FIG. 4 is a graph showing the discharge capacity according to the cycle progress during high-temperature charging and discharging of the rechargeable lithium battery cells.

FIG. 5 is a graph showing the measurement results of the coulombic efficiency according to the high-temperature charge/discharge cycle for the rechargeable lithium battery cells.

DETAILED DESCRIPTION

Hereinafter, a rechargeable lithium battery according to one or more embodiments of the present disclosure will be described in more detail with reference to the accompanying drawings. However, these embodiments are examples, the present disclosure is not limited thereto and the subject matter of the present disclosure is defined by the scope of the appended claims, and equivalents thereof.

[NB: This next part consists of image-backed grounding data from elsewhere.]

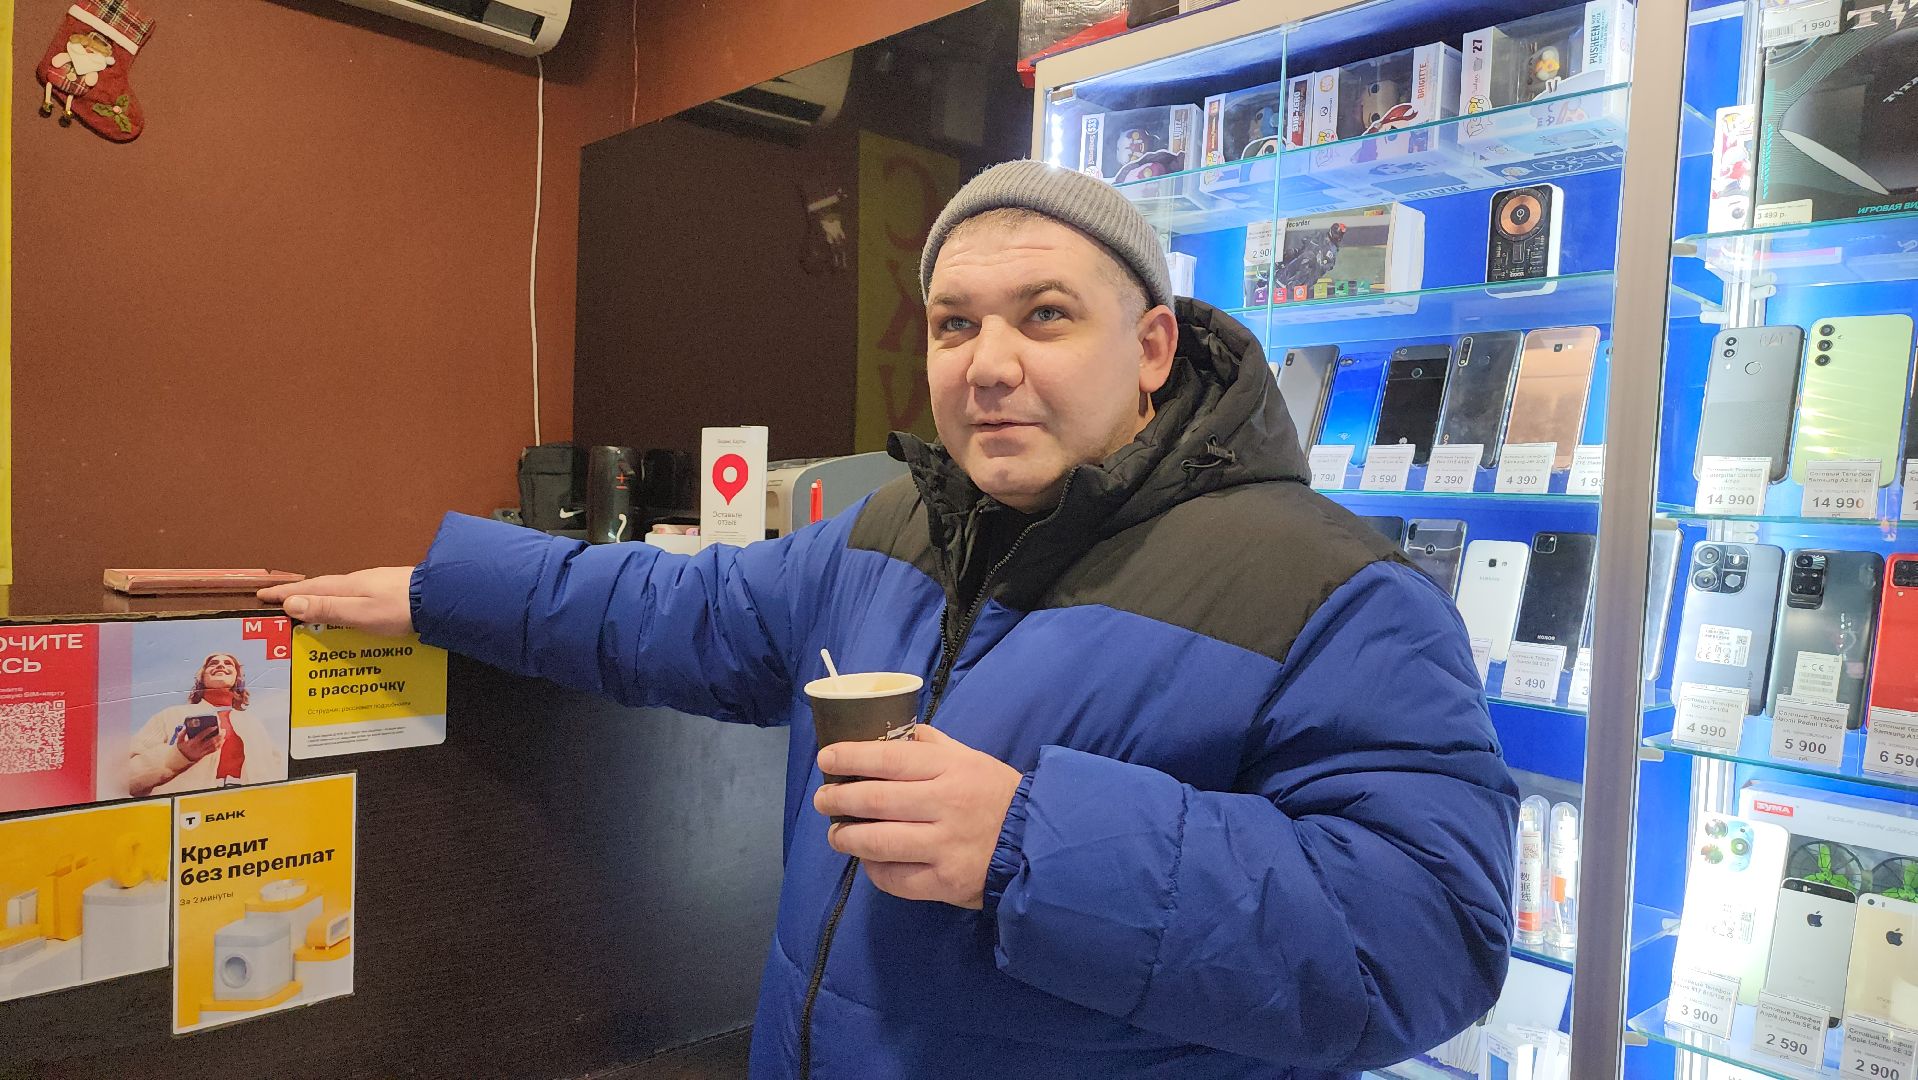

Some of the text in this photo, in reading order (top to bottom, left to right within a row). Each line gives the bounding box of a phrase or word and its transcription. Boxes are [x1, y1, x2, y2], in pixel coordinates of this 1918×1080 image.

[1811, 20, 1831, 31] 990
[1417, 62, 1428, 99] BRIGITTE
[1292, 91, 1301, 132] SUB-ZERO
[1857, 202, 1903, 215] ИГРОВАЯ
[1370, 474, 1397, 483] 3 590
[1434, 475, 1463, 484] 2 390
[1506, 475, 1537, 485] 4 390
[1707, 494, 1755, 505] 14 990
[1812, 497, 1865, 508] 14 990
[308, 646, 413, 663] Здесь можно
[0, 657, 42, 674] СЬ
[308, 665, 382, 680] оплатить
[308, 680, 406, 699] в рассрочку
[1514, 676, 1546, 690] 3 490
[1686, 722, 1727, 738] 4 990
[1784, 738, 1827, 755] 5 900
[1880, 750, 1889, 763] 6
[205, 809, 246, 823] БАНК
[181, 837, 269, 864] Кредит
[180, 848, 335, 886] без переплат
[179, 891, 235, 906] За 2 минуты
[1681, 1004, 1718, 1025] 3 900
[1766, 1033, 1808, 1056] 2 590
[1855, 1058, 1900, 1080] 2 900

As used herein, when a definition is not otherwise provided, “substituted” refers to replacement of at least one hydrogen of a substituent or a compound by deuterium, a halogen, a hydroxyl group, an amino group, a substituted or unsubstituted C1 to C30 amine group, a nitro group, a substituted or unsubstituted C1 to C40 silyl group, a C1 to C30 alkyl group, a C1 to C10 alkylsilyl group, a C6 to C30 arylsilyl group, a C3 to C30 cycloalkyl group, a C3 to C30 heterocycloalkyl group, a C6 to C30 aryl group, a C2 to C30 heteroaryl group, a C1 to C20 alkoxy group, a C1 to C10 fluoroalkyl group, a cyano group, or a combination thereof.

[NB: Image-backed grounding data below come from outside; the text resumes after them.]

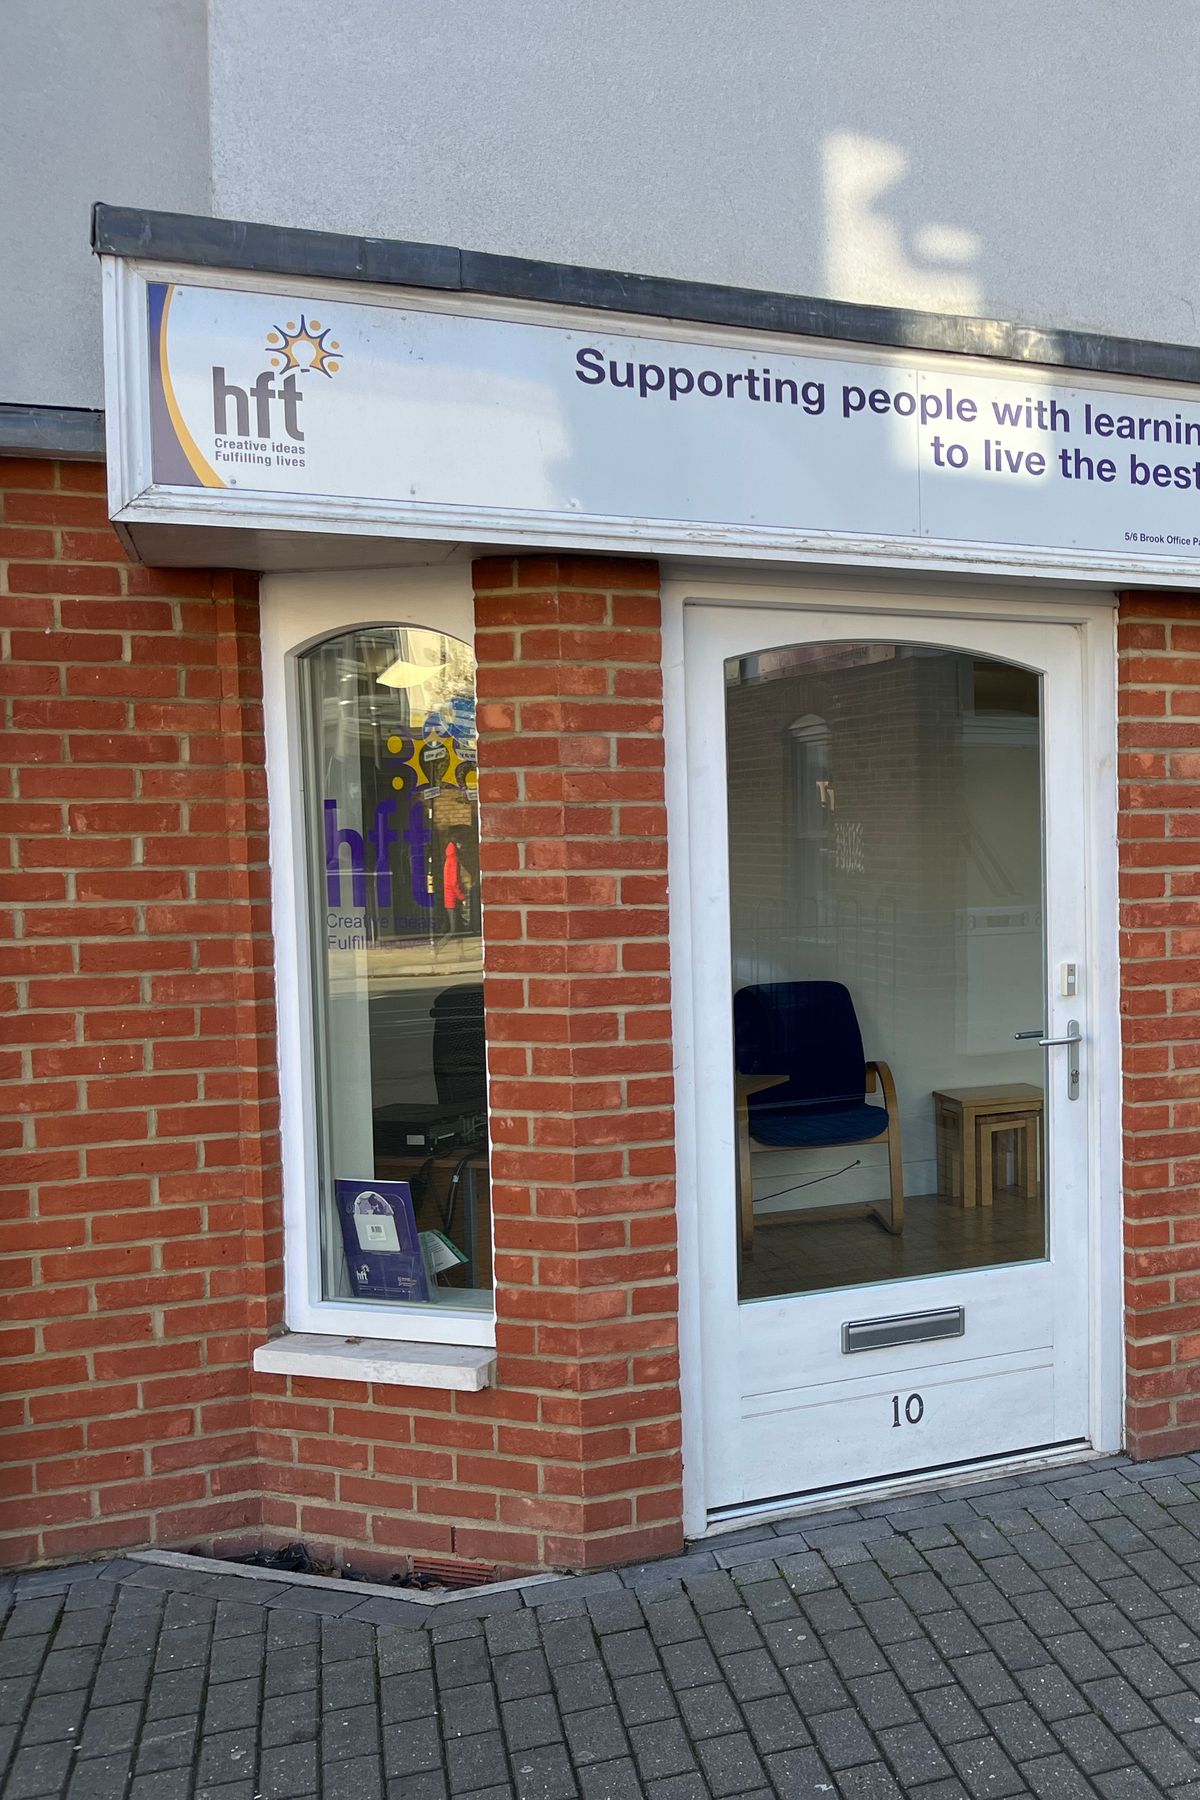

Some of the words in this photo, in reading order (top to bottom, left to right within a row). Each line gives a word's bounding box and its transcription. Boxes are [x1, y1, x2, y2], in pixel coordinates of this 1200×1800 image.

[212, 366, 304, 441] hft
[575, 347, 825, 415] Supporting
[842, 385, 977, 425] people
[992, 397, 1070, 433] with
[214, 438, 267, 452] Creative
[271, 442, 305, 454] ideas
[215, 451, 271, 466] Fulfilling
[276, 456, 305, 467] lives
[930, 436, 968, 468] to
[984, 439, 1046, 475] live
[1058, 448, 1116, 482] the
[1124, 532, 1138, 541] 5/6
[1140, 533, 1164, 544] Brook
[1166, 535, 1191, 545] Office
[323, 798, 435, 908] hft
[892, 1393, 924, 1427] 10

In one example of the present disclosure, “substituted” refers to replacement of at least one hydrogen of a substituent or a compound by deuterium, a halogen, a C1 to C30 alkyl group, a C1 to C10 alkylsilyl group, a C6 to C30 arylsilyl group, a C3 to C30 cycloalkyl group, a C3 to C30 heterocycloalkyl group, a C6 to C30 aryl group, a C2 to C30 heteroaryl group, a C1 to C10 fluoroalkyl group, or a cyano group. In addition, in examples of the present disclosure, “substituted” refers to replacement of at least one hydrogen of a substituent or a compound by deuterium, a halogen, a C1 to C20 alkyl group, a C6 to C30 aryl group, a C1 to C10 fluoroalkyl group, or a cyano group. In addition, in examples of the present disclosure, “substituted” refers to replacement of at least one hydrogen of a substituent or a compound by deuterium, a halogen, a C1 to C5 alkyl group, a C6 to C18 aryl group, a C1 to C5 fluoroalkyl group, or a cyano group. In addition, in examples of the present disclosure, “substituted” refers to replacement of at least one hydrogen of a substituent or a compound by deuterium, a cyano group, a halogen, a methyl group, an ethyl group, a propyl group, a butyl group, a phenyl group, a biphenyl group, a terphenyl group, a trifluoromethyl group, or a naphthyl group.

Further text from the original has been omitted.